Work request
Any image found in the entries is to be skipped; the rest is returned word for word.
** Opening Input records block **
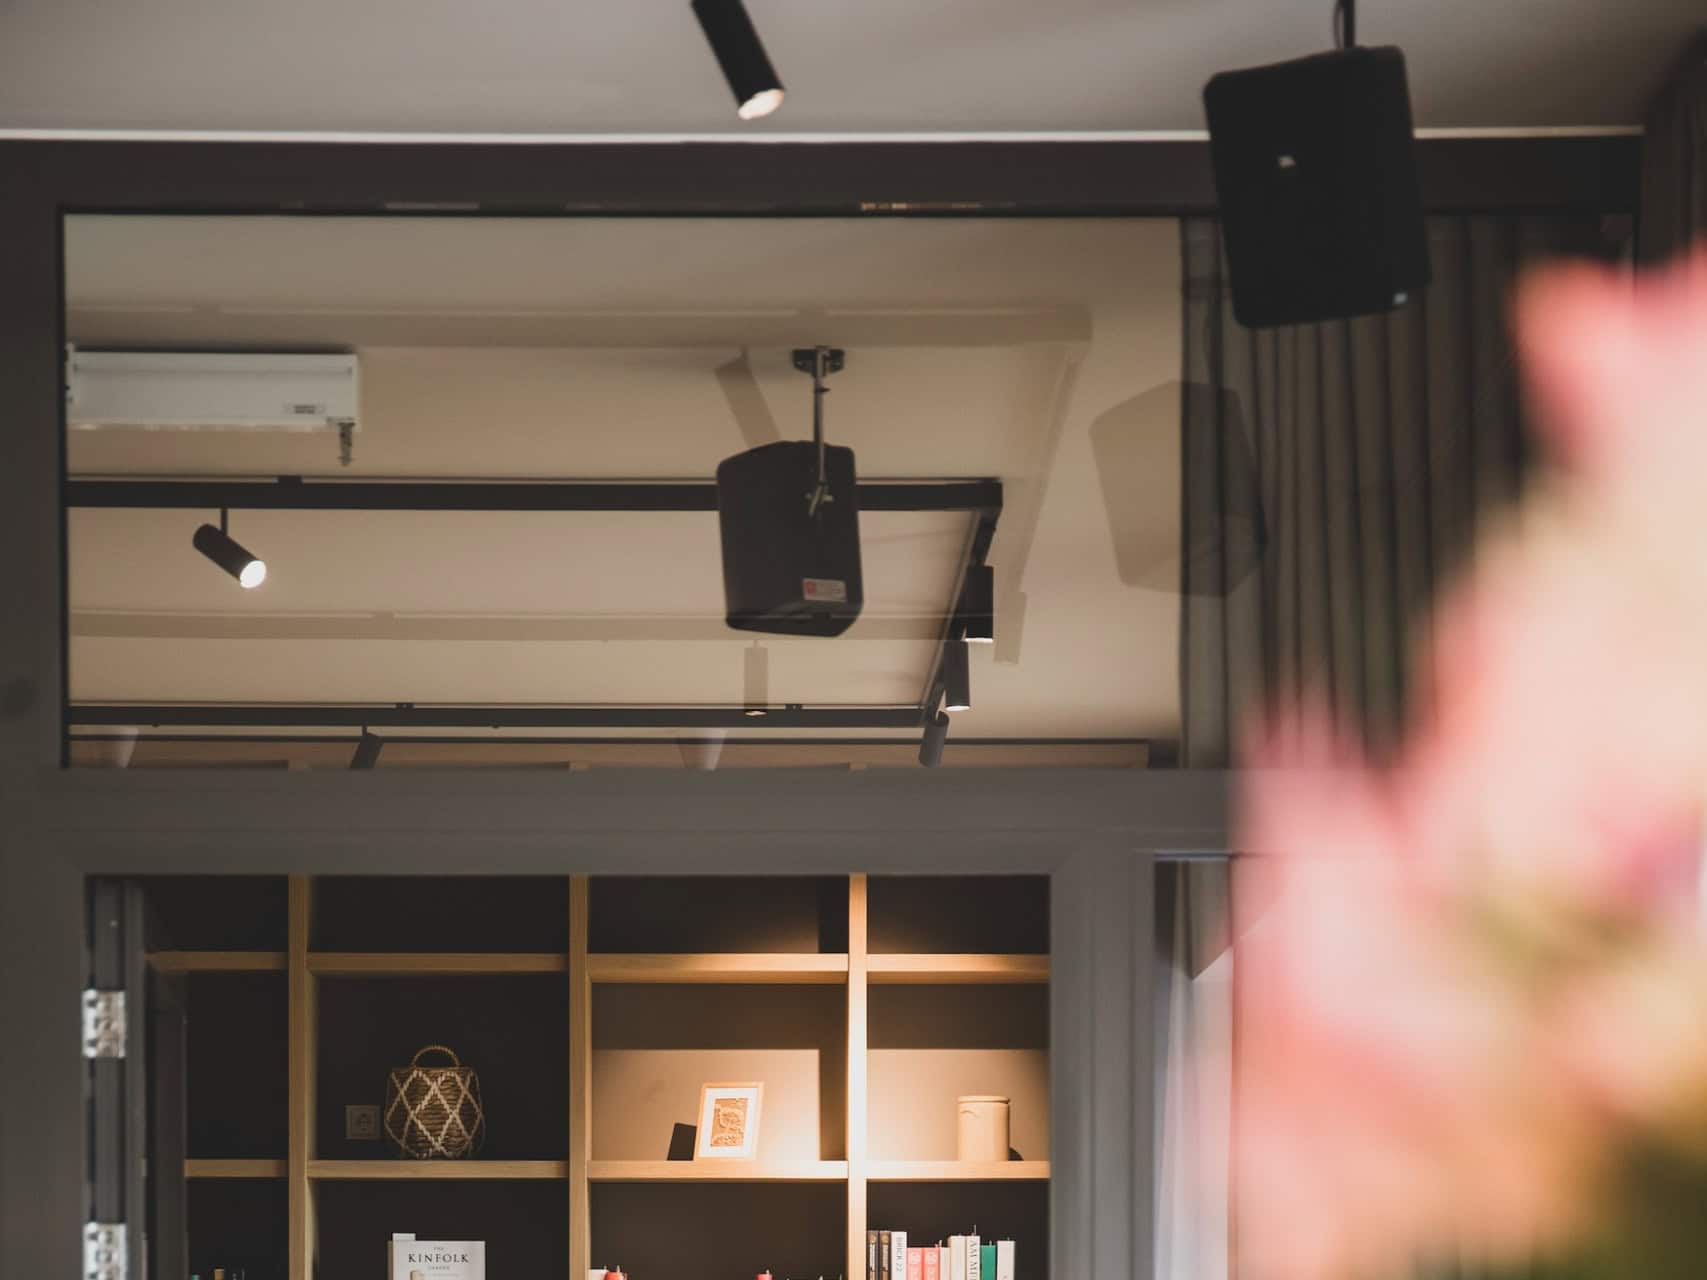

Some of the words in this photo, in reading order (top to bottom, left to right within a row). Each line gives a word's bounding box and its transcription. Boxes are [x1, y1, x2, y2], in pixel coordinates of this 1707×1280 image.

[969, 1240, 977, 1258] AM
[408, 1253, 470, 1263] KINFOLK
[895, 1262, 903, 1272] 22
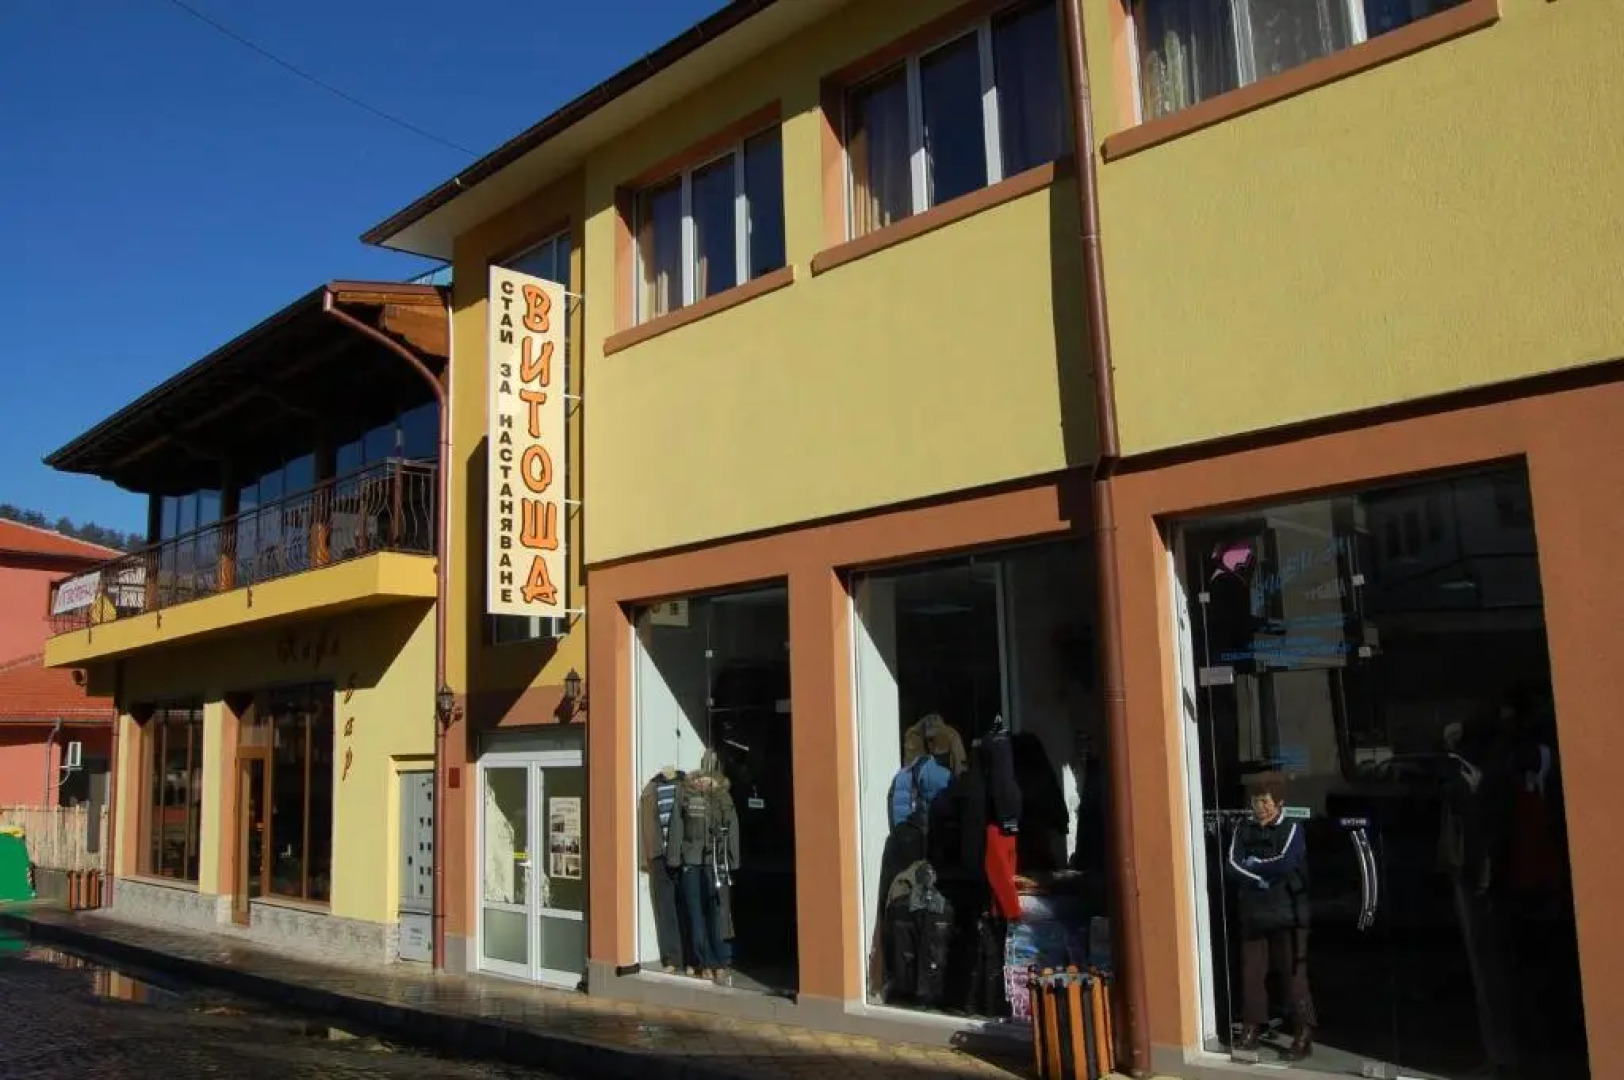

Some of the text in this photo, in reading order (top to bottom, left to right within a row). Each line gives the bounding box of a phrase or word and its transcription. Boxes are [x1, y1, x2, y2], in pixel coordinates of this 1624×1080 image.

[499, 281, 513, 603] СТАИ ЗА НАСТАНЯВАНЕ
[519, 284, 559, 606] ВИТОША
** Closing Input records block **
Answer box
Some of the words in this photo, in reading order (top to bottom, left to right within a row). Each line gives a word's bounding box and its transcription. Boxes are [x1, y1, x2, y2], in pixel coordinates of this 1707×1280 image.

[969, 1240, 977, 1258] AM
[408, 1253, 470, 1263] KINFOLK
[895, 1262, 903, 1272] 22

Some of the text in this photo, in reading order (top to bottom, left to right within a row). Each line gives the bounding box of a phrase or word and its transcription. Boxes are [x1, y1, x2, y2], in pixel coordinates of this 1624×1080 image.

[499, 281, 513, 603] СТАИ ЗА НАСТАНЯВАНЕ
[519, 284, 559, 606] ВИТОША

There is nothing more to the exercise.